近年話題の「腸脳相関」。からだとこころをつなぐキーワードだ。精神栄養学に詳しい帝京大学医学部精神神経科学講座の功刀浩主任教授はこう話す。

「腸内には1・5キロ、つまり1つの臓器ほどの重量をもった腸内細菌叢(そう)があり、いわゆる“善玉菌”や“悪玉菌”と脳機能とが関係しているのです。たとえば腸内に善玉菌が多いと腸の壁がしっかりして悪いものが入りにくくなる。また、迷走神経を刺激してストレス反応を和らげてくれるといったよい点があるのです」

腸内にある微生物が腸を介して脳に影響し、脳が過剰なストレスを受けると腸も過敏な反応を起こして不調となる。たとえば「過敏性腸症候群」などがその典型だ。

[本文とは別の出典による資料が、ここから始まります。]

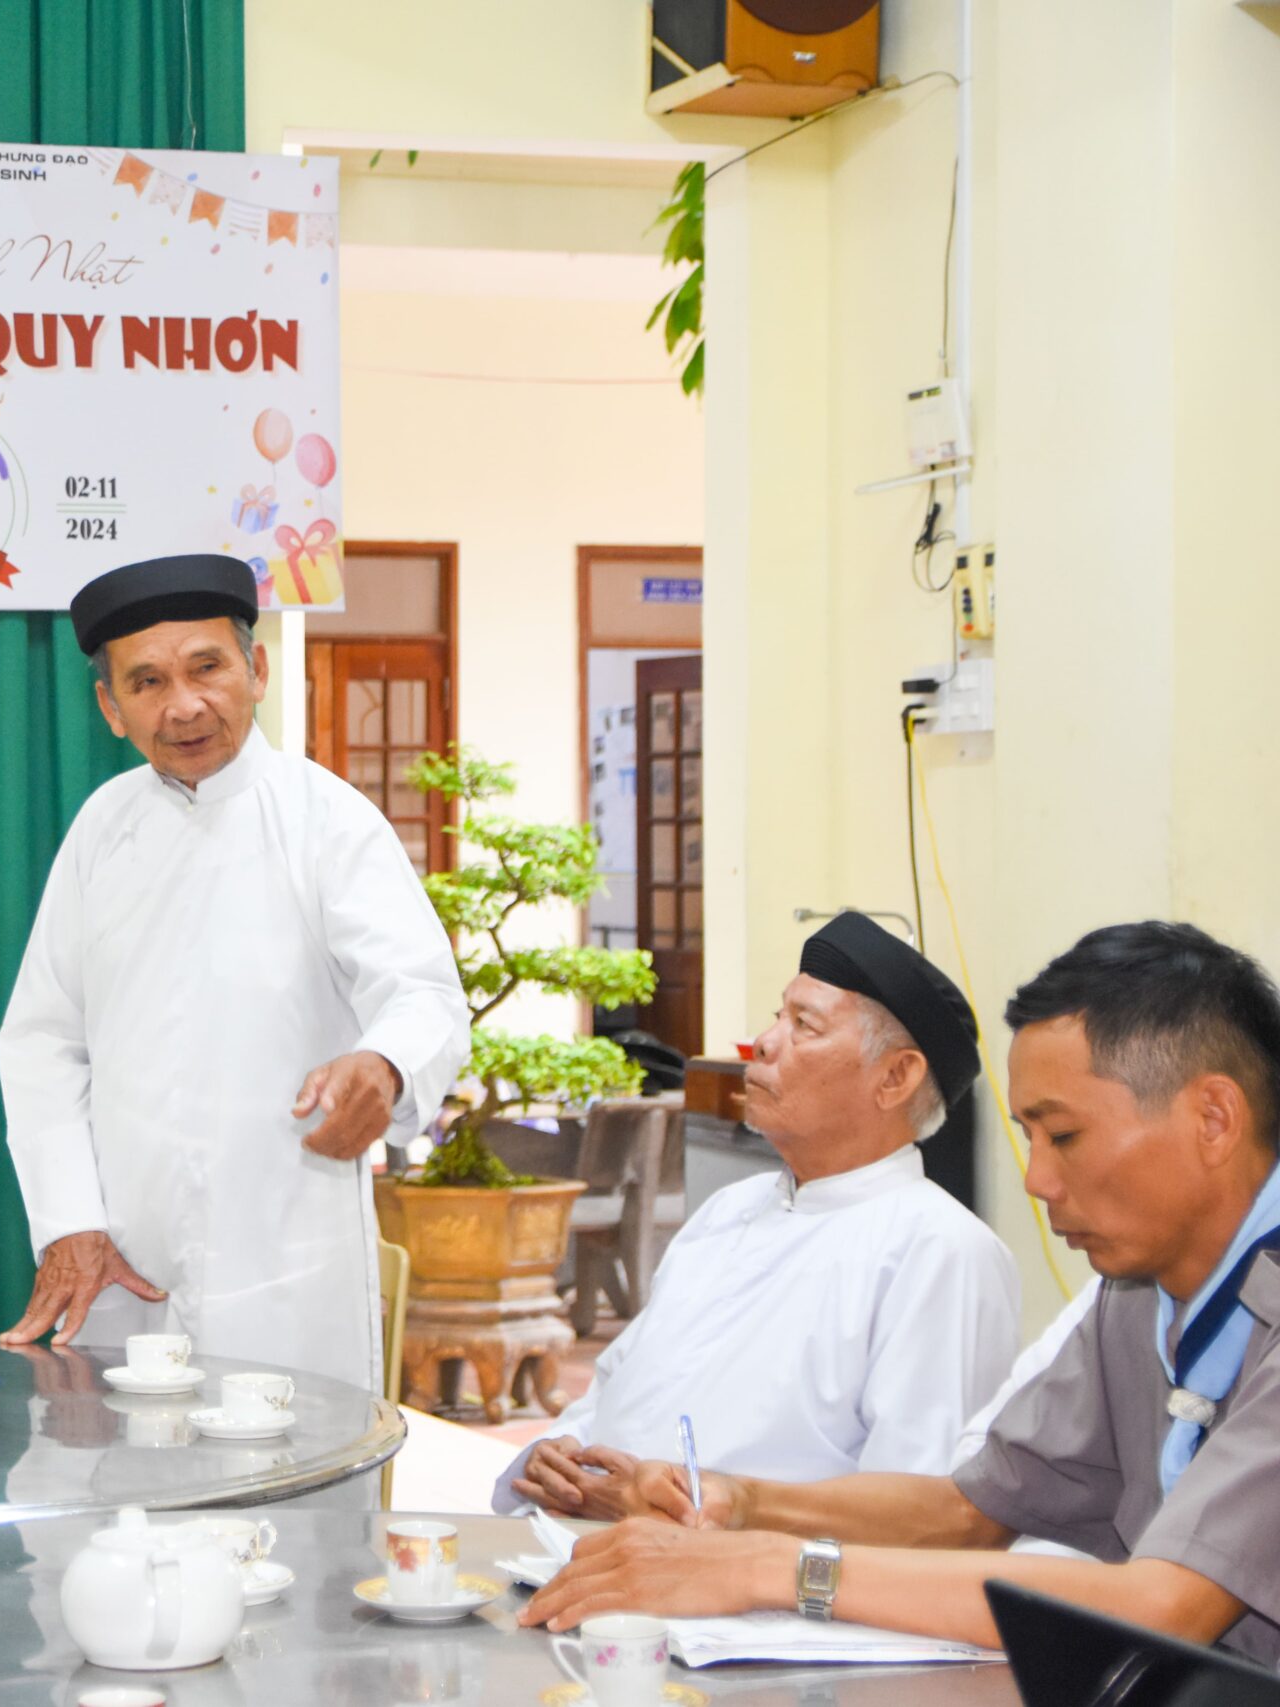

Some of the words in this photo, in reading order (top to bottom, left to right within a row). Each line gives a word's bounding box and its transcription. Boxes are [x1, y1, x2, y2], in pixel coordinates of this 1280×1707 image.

「過敏性腸症候群」は脳がストレスを感じると慢性的に下痢、便秘、腹痛などを繰り返す病気だ。緊張すると過敏に腸が反応し生活に支障となる人も多いとされている。

この「過敏性腸症候群」こそ腸内細菌との関わりは大きいとの指摘がある。功刀主任教授の話。

「腸内細菌叢の乱れが腹部症状となり、それがストレスとなってさらなる腸内細菌叢の乱れへとつながる悪循環をかたちづくります。過敏性腸症候群の患者ではビフィズス菌などの善玉菌が減っている、あるいは悪玉菌が増えているといった報告もあります」

結局のところ「ストレス」と「腸内細菌」はどちらも互いに影響を与えやすい関係にあって、どちらか一方だけで済むといった問題ではなさそうだ。